Jeff Nesbit, writing at Salon describes a "right-wing lie factory" even "more insidious than Fox News." Backed financially by shadowy Koch brothers-related groups, the Franklin Center for Government and Public Integrity (originally housed in a Montana taffy shop, apparently just so it could have a "physical address") produces "news" stories pushing the same anti-government, anti-tax, and anti-regulation line you've come to expect from right-wing news sources -- but it takes advantage of the continuing dissipation of local media outlets by providing them with cheap copy. Which is yet another reason we ought to fight for real local news sources that hire real reporters and do real stories. I wish it were of more comfort that when right-wing dark money groups fund "citizen journalism" like this, they show they can't win arguments on the merits.
Two high-level intelligence officials state that our intelligence and defense workers have an "unbelievable" amount of child pornography on their work computers -- but the NSA professes ignorance of exactly how widespread that problem might be. That sure does seem unlikely, doesn't it? We know what that means -- and, sadly, it almost certainly does not mean that the NSA's spying powers aren't all they're cracked up to be. But if you can't protect children from sexual predators, you certainly have no business purporting to protect America from terrorists.

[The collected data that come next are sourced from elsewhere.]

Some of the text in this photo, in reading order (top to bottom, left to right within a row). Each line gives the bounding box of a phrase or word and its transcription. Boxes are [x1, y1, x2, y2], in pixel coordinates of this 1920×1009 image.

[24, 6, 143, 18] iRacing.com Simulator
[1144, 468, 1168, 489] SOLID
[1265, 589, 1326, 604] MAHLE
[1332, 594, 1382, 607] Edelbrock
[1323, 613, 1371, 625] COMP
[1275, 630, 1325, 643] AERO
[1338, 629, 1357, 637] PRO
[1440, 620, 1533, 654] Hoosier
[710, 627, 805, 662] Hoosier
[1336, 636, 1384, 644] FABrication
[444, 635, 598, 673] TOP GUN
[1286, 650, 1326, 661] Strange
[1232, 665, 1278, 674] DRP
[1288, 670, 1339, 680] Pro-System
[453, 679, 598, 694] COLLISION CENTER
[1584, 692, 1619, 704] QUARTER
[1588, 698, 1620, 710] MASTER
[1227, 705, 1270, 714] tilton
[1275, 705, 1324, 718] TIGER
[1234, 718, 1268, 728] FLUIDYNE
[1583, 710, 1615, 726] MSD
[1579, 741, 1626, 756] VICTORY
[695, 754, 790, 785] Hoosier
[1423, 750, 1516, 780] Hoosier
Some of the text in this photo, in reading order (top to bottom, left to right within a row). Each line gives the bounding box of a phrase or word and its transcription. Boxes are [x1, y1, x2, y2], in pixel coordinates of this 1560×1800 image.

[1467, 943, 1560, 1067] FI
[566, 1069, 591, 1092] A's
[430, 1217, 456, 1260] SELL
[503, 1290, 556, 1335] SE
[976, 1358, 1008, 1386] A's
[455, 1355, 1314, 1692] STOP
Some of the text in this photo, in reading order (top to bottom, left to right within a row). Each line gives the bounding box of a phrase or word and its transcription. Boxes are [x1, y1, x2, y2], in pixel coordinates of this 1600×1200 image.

Hoo boy, Exxon suggests that the lawsuits against them for lying about climate change violate their First Amendment rights, and numerous right-wing media outlets parrot their argument. But the charge against them is that they knew climate change was happening, but told their investors and shareholders the precise opposite, which we would more aptly describe as fraud. And just as the First Amendment doesn't protect you from any criticism you deserve, it doesn't protect you from any fraud you've committed, either. (And I feel compelled to mention, in light of yesterday's discussion of habeus corpus, that while individuals on death row only get a year to appeal their convictions, corporations get for-freaking-ever to challenge decisions against them.)
Donald Trump advises West Virginians not to vote in tomorrow's primary, because he's got it all wrapped up now. All this work we do fighting the notion that democracies and elections are about the politicians and not about the people, and here comes this bigmouth to poop all over it. Never mind that West Virginians will be selecting gubernatorial nominees tomorrow -- apparently, they don't matter, because they're not Trump. What disgusting narcissism. (Yeah, he walked it back later, but is it too much to ask that nominees not be narcissists in the first place? We expect that from each other, after all.)
Finally, Alexa Strabuk, writing at Yes! magazine, takes us back to mid-1960s California, and the Filipino grape laborers who went on strike for better pay and working conditions and ultimately helped give birth to the United Farm Workers. The owners of the Delano grape field where they worked kept Filipino and Chicano workers separated, so that they could use one group to break any strikes conducted by the other -- but Filipino workers reached out to Cesar Chavez's National Farm Workers Association, and though the two groups experienced tension over the next five hard years, they won largely because (in one contemporary's words) of the "genuine solidarity" between the two groups. Sadly, Filipino involvement in these struggles has been largely forgotten over the years -- at least partly because Our Glorious Elites would rather not tell stories about different people uniting to fight them. But not entirely forgotten, of course.